I was so very sad to find it a past bat. The red bat is perhaps my favorite (although any bat I get to see is my bat du jour and de facto favorite ever). It's one of eastern North America's largest bats, but even so it's absolutely tiny by mammal standards.


 That's an average size facial tissue, and the wingspan is maybe 9" fully extended. The literature says it goes up to 13". Hmm. Maybe this is a pup? It seemed teeny to me, the body not even two inches with the tail folded under.



  I was taken by the sooty black and pink-trimmed wings, and by the cream colored stripe along the shoulder


and the two little headlights of white fur on the thumb joints, as well as the subtle necklace of white around the neck. He looked as if he were wearing a costume head.


Note the rounded ears, set well into the fur. This, like many other of the features we'll see, is an adaptation to cold temperatures. You wouldn't want long delicate ears sticking up out of your fur if you're a northern animal, and you're active in cold winter temperatures, as is the red bat.
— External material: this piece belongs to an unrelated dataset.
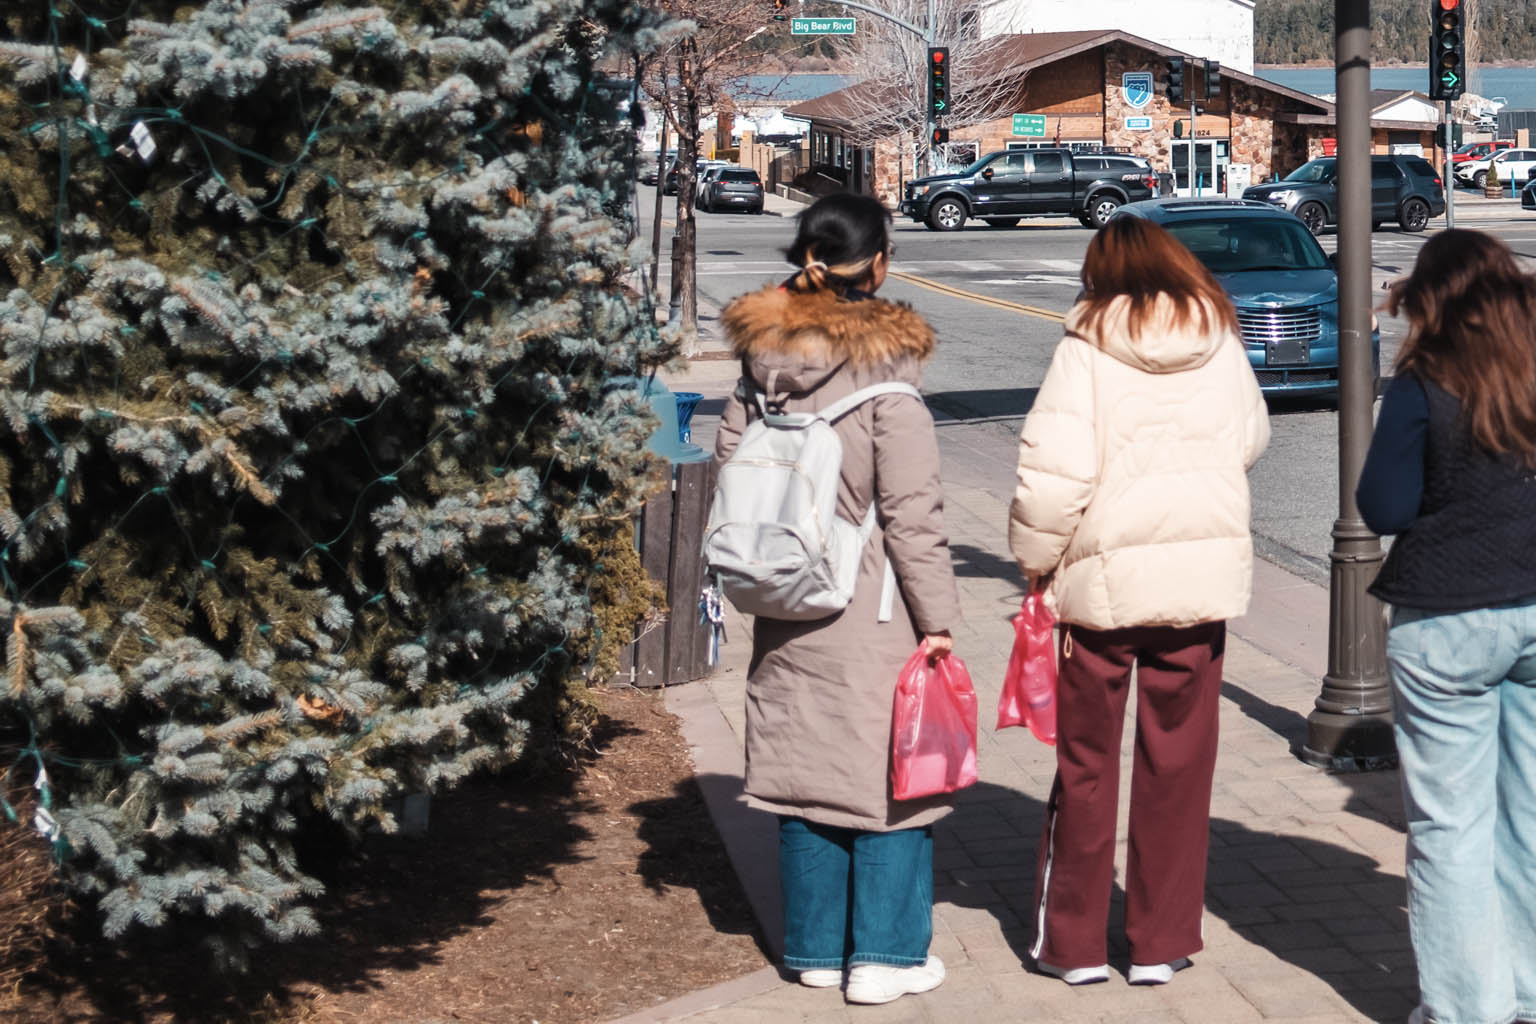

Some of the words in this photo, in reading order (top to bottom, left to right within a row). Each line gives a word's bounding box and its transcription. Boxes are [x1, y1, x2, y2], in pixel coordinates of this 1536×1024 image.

Here, too, you can see the tragus, a process in the ear opening. It was so diaphanous as to be translucent. This bat's eyes were tiny, smaller than those of a big brown or little brown bat. But that's mostly because it was dead. As you'll see in Part II, a live red bat has very bright eyes indeed. 


One of the things which impressed me most, and which I wasn't expecting, was the thickly furred wing membrane. All along the wing bones is soft silver-buff fur, another cold adaptation.  


The wing bones, so very birdlike, until you realize that the bat's fingers extend into and are connected by the wing membrane. In birds, the fingers are all fused into one sort of paddle, including the stubby bony alula (that little thumby thing that sticks up on a chicken wing) and feathers grow out of that bone, and take the place of membrane. With bats, the hand bones extend out to the perimeter of the wing.


This post has proven to be a hogchoker, with more than 20 photos, so I'm going to give you more bat bits on Thursday. 

Which will be
Post #1,702. Gack! I could do this full-time, you know, and never run out of inspirato. The problem is I have other stuff I have to do. Don't we all.